[Spatial localization data]
<<<<

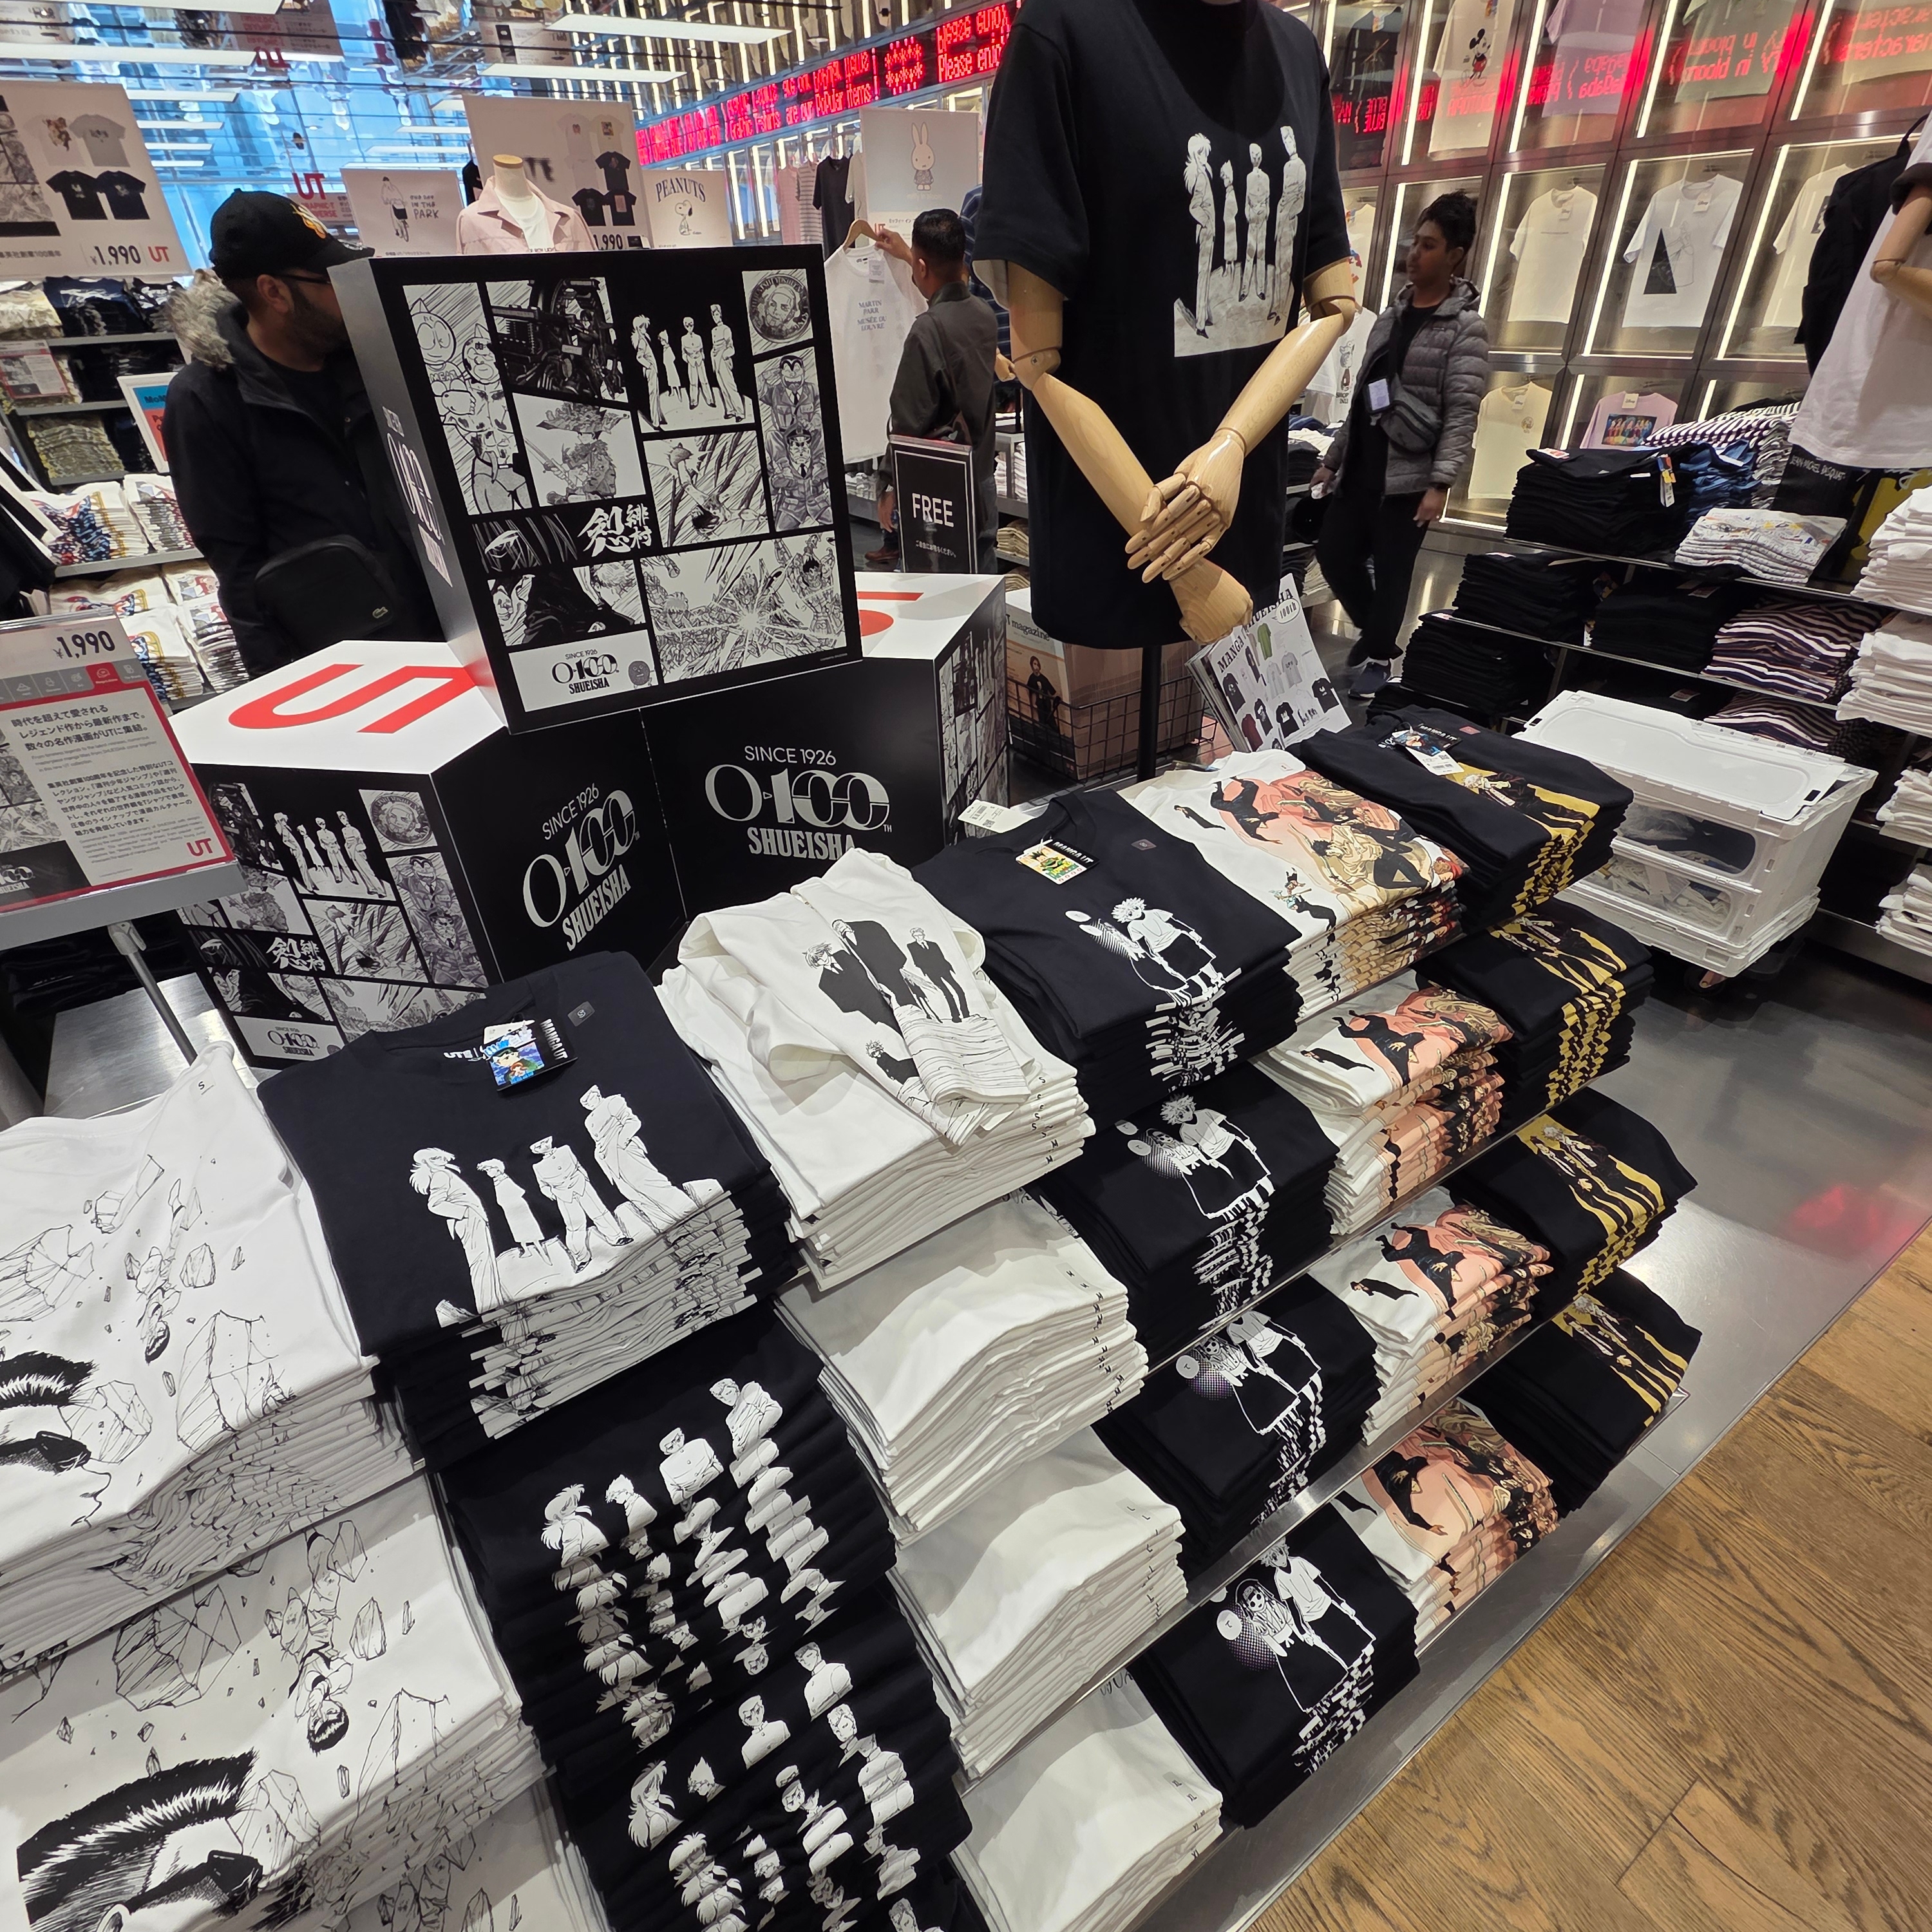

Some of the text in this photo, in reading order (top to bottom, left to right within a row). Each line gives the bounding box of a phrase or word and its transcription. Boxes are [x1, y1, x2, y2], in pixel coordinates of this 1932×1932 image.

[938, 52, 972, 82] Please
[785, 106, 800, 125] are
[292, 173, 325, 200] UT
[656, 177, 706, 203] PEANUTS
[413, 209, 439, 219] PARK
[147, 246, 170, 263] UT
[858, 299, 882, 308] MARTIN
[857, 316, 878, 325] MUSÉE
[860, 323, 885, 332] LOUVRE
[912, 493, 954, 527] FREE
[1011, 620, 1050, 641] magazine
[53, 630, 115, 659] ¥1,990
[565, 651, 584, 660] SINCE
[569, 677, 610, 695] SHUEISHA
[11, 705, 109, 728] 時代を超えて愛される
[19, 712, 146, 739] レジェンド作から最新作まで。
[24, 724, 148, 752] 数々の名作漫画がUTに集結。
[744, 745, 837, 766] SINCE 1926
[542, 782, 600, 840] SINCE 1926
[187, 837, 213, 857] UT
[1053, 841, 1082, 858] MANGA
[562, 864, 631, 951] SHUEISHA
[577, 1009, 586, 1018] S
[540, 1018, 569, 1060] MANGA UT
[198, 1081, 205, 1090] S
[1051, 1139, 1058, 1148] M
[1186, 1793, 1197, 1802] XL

>>>>

### Task objective
Quote the preceding records in their entirety, excluding every picture.

### Output below
Some of the text in this photo, in reading order (top to bottom, left to right within a row). Each line gives the bounding box of a phrase or word and its transcription. Boxes are [x1, y1, x2, y2], in pixel coordinates of this 1932×1932 image.

[938, 52, 972, 82] Please
[785, 106, 800, 125] are
[292, 173, 325, 200] UT
[656, 177, 706, 203] PEANUTS
[413, 209, 439, 219] PARK
[147, 246, 170, 263] UT
[858, 299, 882, 308] MARTIN
[857, 316, 878, 325] MUSÉE
[860, 323, 885, 332] LOUVRE
[912, 493, 954, 527] FREE
[1011, 620, 1050, 641] magazine
[53, 630, 115, 659] ¥1,990
[565, 651, 584, 660] SINCE
[569, 677, 610, 695] SHUEISHA
[11, 705, 109, 728] 時代を超えて愛される
[19, 712, 146, 739] レジェンド作から最新作まで。
[24, 724, 148, 752] 数々の名作漫画がUTに集結。
[744, 745, 837, 766] SINCE 1926
[542, 782, 600, 840] SINCE 1926
[187, 837, 213, 857] UT
[1053, 841, 1082, 858] MANGA
[562, 864, 631, 951] SHUEISHA
[577, 1009, 586, 1018] S
[540, 1018, 569, 1060] MANGA UT
[198, 1081, 205, 1090] S
[1051, 1139, 1058, 1148] M
[1186, 1793, 1197, 1802] XL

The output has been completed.